Bear in mind that this is not a debate about whether the moratorium on the death penalty should be restored or not (which I am personally in favour of, but let’s save that for another time). This is about the abhorrent bloodlust that has taken root in our society.

Hanging bodies – to whomever they may have once belonged – are not a medieval spectacle for frolicking. They should not be a source of pleasure; they are definitely not a sign of progress, but could be indicative of us suffering from a collective ailment. And it is not something that Pakistan, well into the 21st century, should aspire to, either. If we visualise a just, humane, progressive society, we are going to have to start believing that violence will always, and only, beget more violence. A desensitised and bloodthirsty population is not the hallmark of a civilised nation (I’m looking at you, Saudi).

Now, while I understand the need to give in to passionate emotions at a time like this – especially for those who have personally suffered from such atrocities – how about instead of wanting to rip more people limb from limb and parade them in gory victory, we observe a moment of silence. Not for respect, but for introspection.
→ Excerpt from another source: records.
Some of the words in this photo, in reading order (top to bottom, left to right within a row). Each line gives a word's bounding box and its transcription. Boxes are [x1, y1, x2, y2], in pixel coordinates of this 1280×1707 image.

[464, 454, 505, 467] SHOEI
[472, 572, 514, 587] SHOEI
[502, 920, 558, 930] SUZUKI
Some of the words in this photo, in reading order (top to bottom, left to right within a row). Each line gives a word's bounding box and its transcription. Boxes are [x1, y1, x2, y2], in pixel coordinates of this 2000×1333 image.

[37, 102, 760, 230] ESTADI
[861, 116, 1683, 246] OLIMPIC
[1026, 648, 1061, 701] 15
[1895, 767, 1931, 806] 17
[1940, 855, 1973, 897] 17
While there was one man who put 28 bullets in Salman Taseer’s body, there were tens of thousands gushing to the streets in their zealous mania yesterday. Don’t jump for joy, Pakistan. Deliberate over why monsters like Mumtaz Qadri are allowed to germinate in your country at an alarming rate in the first place. Ask yourself why the bar association in our capital led the charge in calling for the protests, or why our information minister was assailed by angry “clerics” at an airport, or why – and this one is my favourite – the head of the largest Islamic party in Pakistan, Jamaat-e-Islami, personally led Mumtaz Qadri’s funeral prayers in absentia.
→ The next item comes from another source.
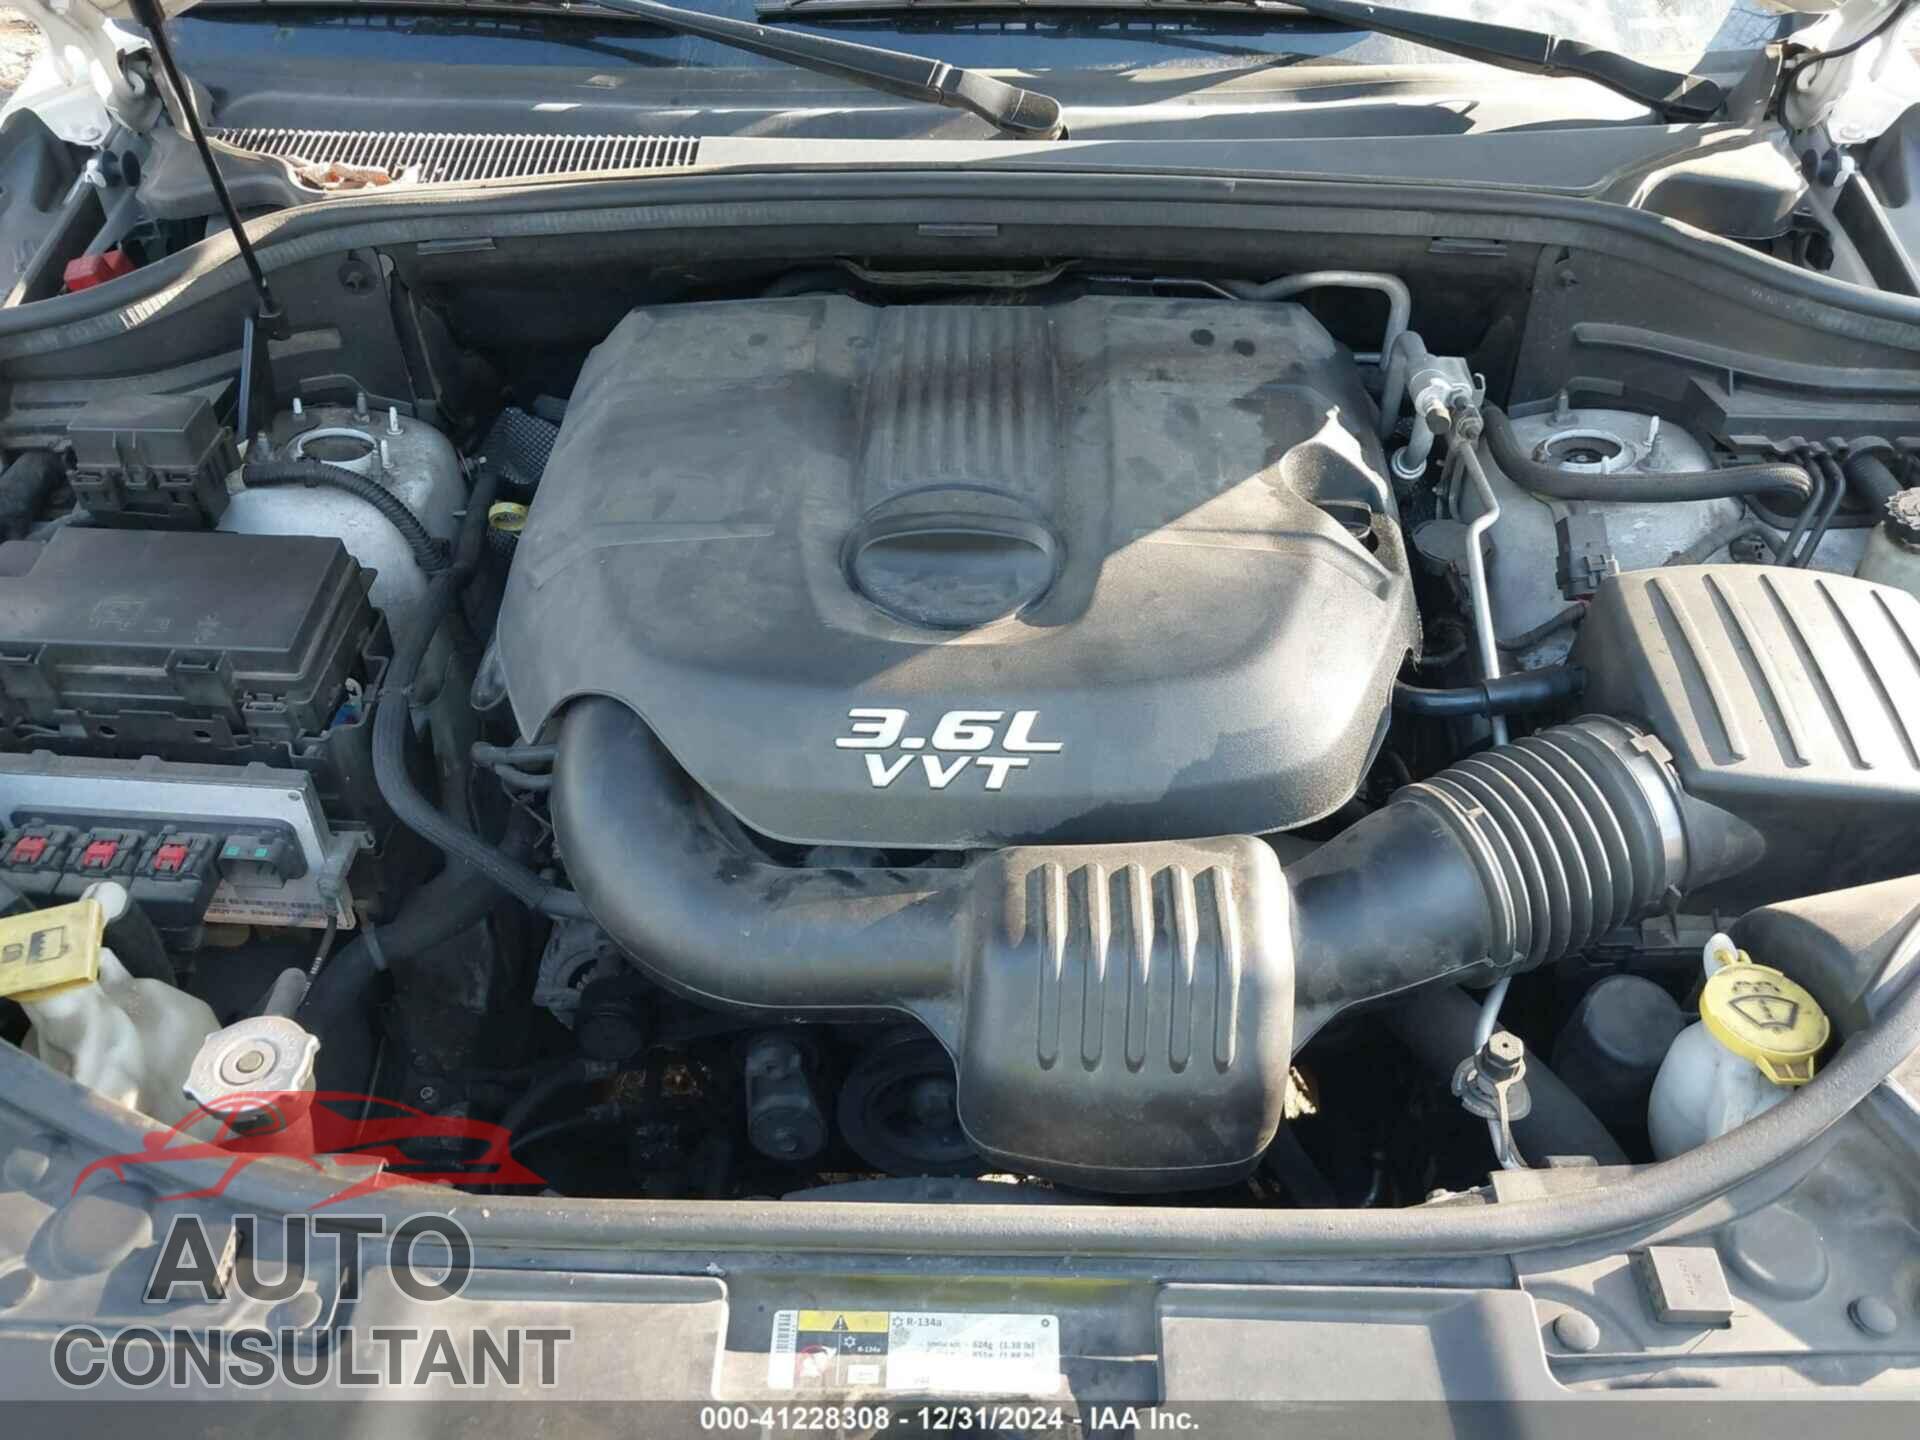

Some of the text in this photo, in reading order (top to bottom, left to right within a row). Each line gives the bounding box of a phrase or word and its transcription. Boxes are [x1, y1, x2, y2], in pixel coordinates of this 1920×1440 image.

We must ask tough questions of our representatives in the government, armed forces, bureaucracy, judiciary, and perhaps most importantly, ourselves. Why do we consistently receive impressive, yet unverifiable, statistics from the battlefront in the tribal areas, while the man who openly lends allegiance to our opponents, Abdul Aziz, is allowed to thrive in Islamabad? Why have we promoted Mumtaz Qadri from “ghazi” to “shaheed” while his mentor and inspiration, Hanif Qureshi, roams scot-free? Why do we condemn the terrorists’ means but can’t bring ourselves to publicly denounce their ends?

For all those concerned (you know who you are), it has been said time and time again, and I will repeat it for good measure: Outwardly battling terrorism while inwardly nurturing extremism will only make things worse — also known as the curious case of fighting the symptoms while ignoring (at best) the disease.

Perhaps we could exert more pressure on our representatives in Parliament to retake control of the narrative of religion that has been so carelessly handed over to any cleric with a red mosque. Maybe they could cut short their nap to make some advances on the National Action Plan (NAP) by, say, actually regulating madrassahs as planned, or not allowing banned outfits to resurface under different names. Stricter and swifter action could be taken against individuals like Mumtaz Qadri who take the law in their hands under the cloak of religiosity, while somebody could once and for all earnestly tackle the dismal state of our school curriculum.

Fortunately or otherwise, being citizens of Pakistan, it falls on us to remind our representatives of their duties when they forget them and push them to completion. Otherwise, at least as individual members of civil society, promoting a culture of tolerance, human dignity and plurality might be a better use of our time than drawing sadistic pleasure out of frenzied calls for blood. That’s what the Taliban do.